P&G’s dominance should give it more leverage than its rivals to pass on the cost of tariffs to customers. And because P&G’s weighting in the S&P 500 is nearly twice that of the rest of the industry combined, the index will mostly disregard how the broader group fares. 

P&G isn’t alone. Amazon.com captured 38% of the revenue generated by the consumer discretionary distribution and retail industry last year. Microsoft grabbed 32% of software and services. Berkshire Hathaway took 28% of financial services, surprisingly, and 24% of banking went to JPMorgan Chase & Co.

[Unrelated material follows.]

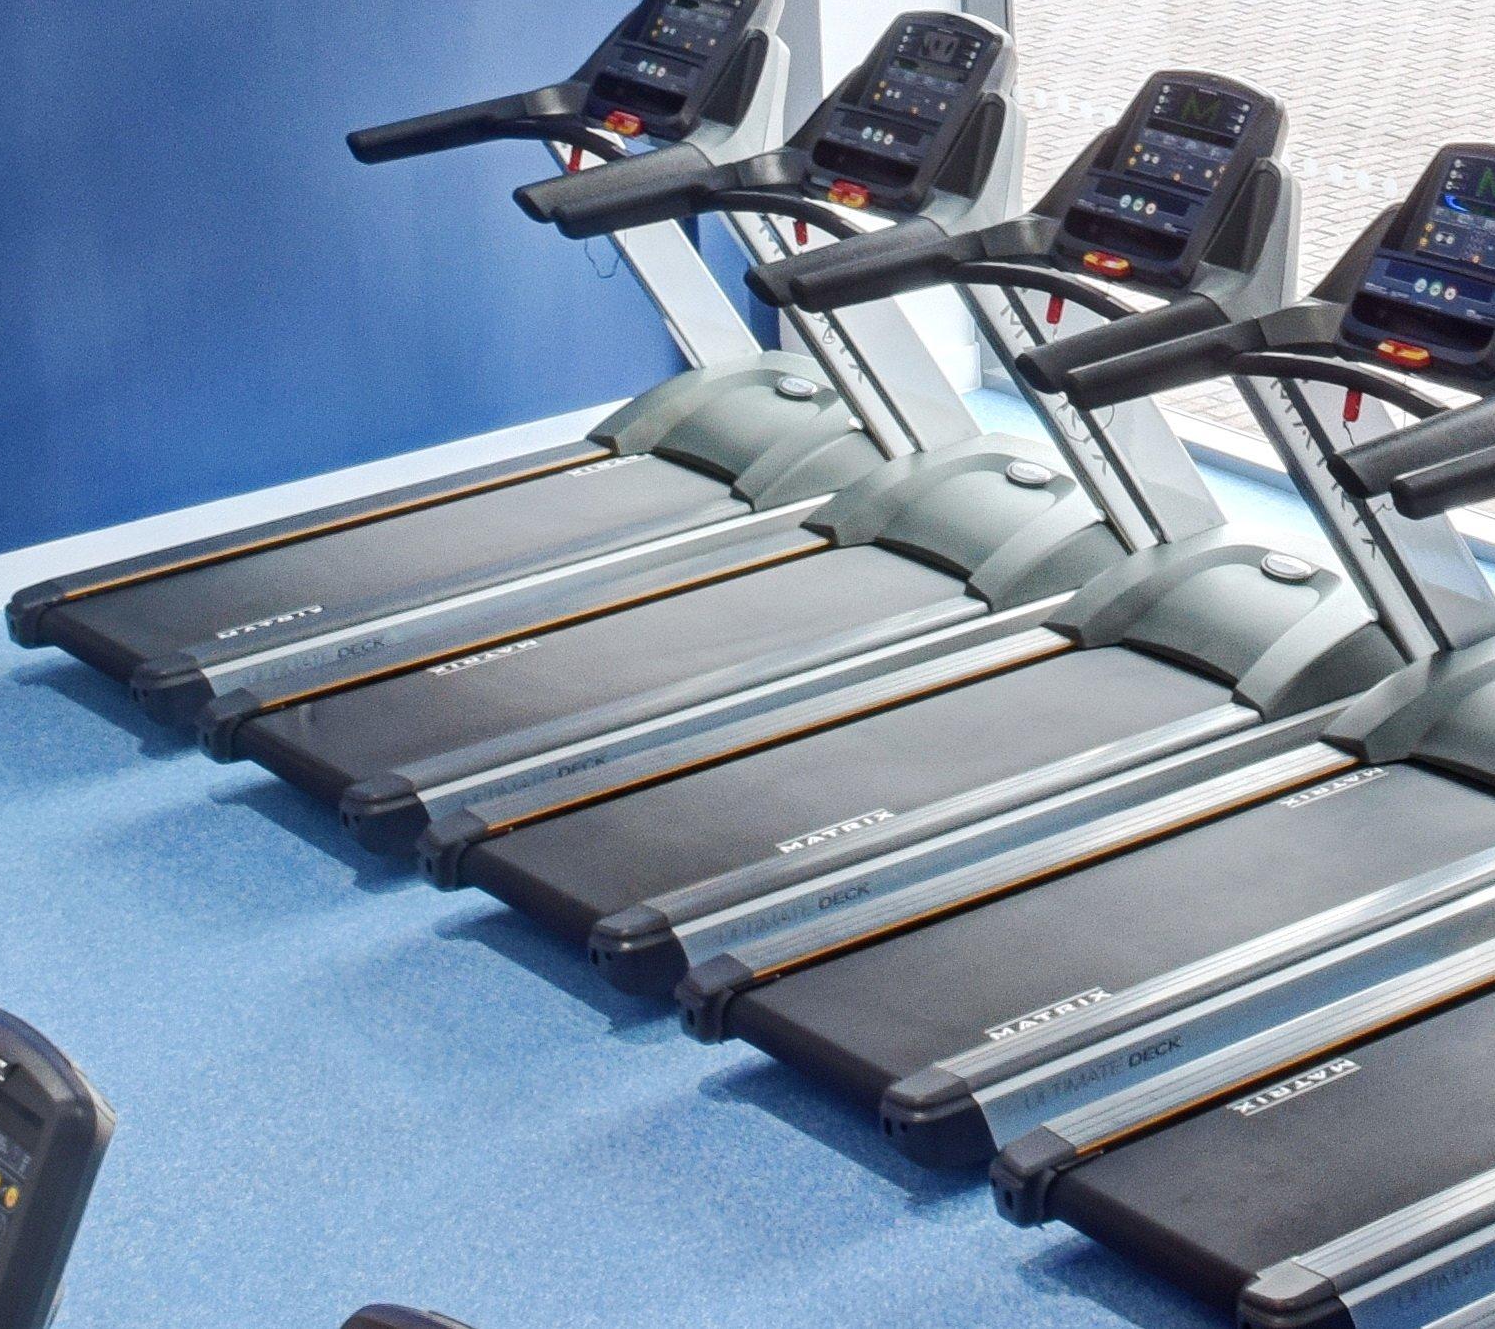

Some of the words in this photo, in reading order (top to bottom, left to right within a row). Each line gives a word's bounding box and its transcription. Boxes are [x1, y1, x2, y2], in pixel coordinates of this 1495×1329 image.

These titans’ pricing power is also evident in their formidable profit margins. Microsoft achieved a 45% operating margin last year. JPMorgan and Berkshire’s were 42% and 30%, respectively. Those are well higher than the median operating margin of 17% for S&P 500 companies and median margins in their respective industries.

While companies with high margins are better able to absorb tariffs, they’re more likely to use their muscle to dictate prices to consumers. 

It also happens that the top 100 companies in the S&P 500 operate in industries that don’t appear to be in the path of tariffs. Nearly two-thirds of them are in the technology, financials or health care sectors, and the group collectively accounts for more than half of the S&P 500 by weighting.

Their businesses are only tangentially related, if at all, to imports of energy, autos, machinery and electronics from Canada and Mexico, our two largest trading partners that both face the threat of sizeable duties. (I’m excluding China because it has so far been hit by a relatively modest 10% tariff, but I’m mindful that retaliation from China could raise the stakes.)

Of the remaining 100 companies, those that are most likely to be in the path of tariffs have a small footprint in the S&P 500. They include a total of five stocks across energy, materials and utilities that collectively account for just 2.4% of the index. They also include a handful of industrial and consumer-related companies, such as equipment manufacturers Caterpillar and Deere & Co. and retailers Walmart and Costco.

It’s harder to say how the broader industrials and consumer sectors will be impacted. Much of it depends — particularly for big box retailers — on the degree to which tariffs overlap with their biggest profit drivers. Even so, the impact on the S&P 500 is likely to be limited, as the two industries count 26 members that collectively comprise just 16% of the index.  

Given the makeup of the S&P 500, the index could very well shake off tariffs as currently contemplated. The same should be true of potential levies on the European Union, from which the US generally imports food, autos and pharmaceuticals.

Even if the scope of tariffs were to broaden into more industries, the pricing power of the biggest companies should give them — and therefore the S&P 500 — substantial cover.

That has little bearing on the rest of the market, though. Few US public companies have the heft of P&G or Berkshire. Many of them would feel the impact of tariffs, particularly if income-strapped consumers struggle to absorb price hikes from bigger competitors.

In fact, smaller public companies sold off considerably more than bigger ones last Monday when the market first reacted to tariff news during the preceding weekend. That may be a preview of where to look for impact.  

So, don’t be surprised if the tariff war intensifies and the stock market is unfazed. It won’t mean tariffs aren’t biting — but more likely that investors are looking in the wrong place.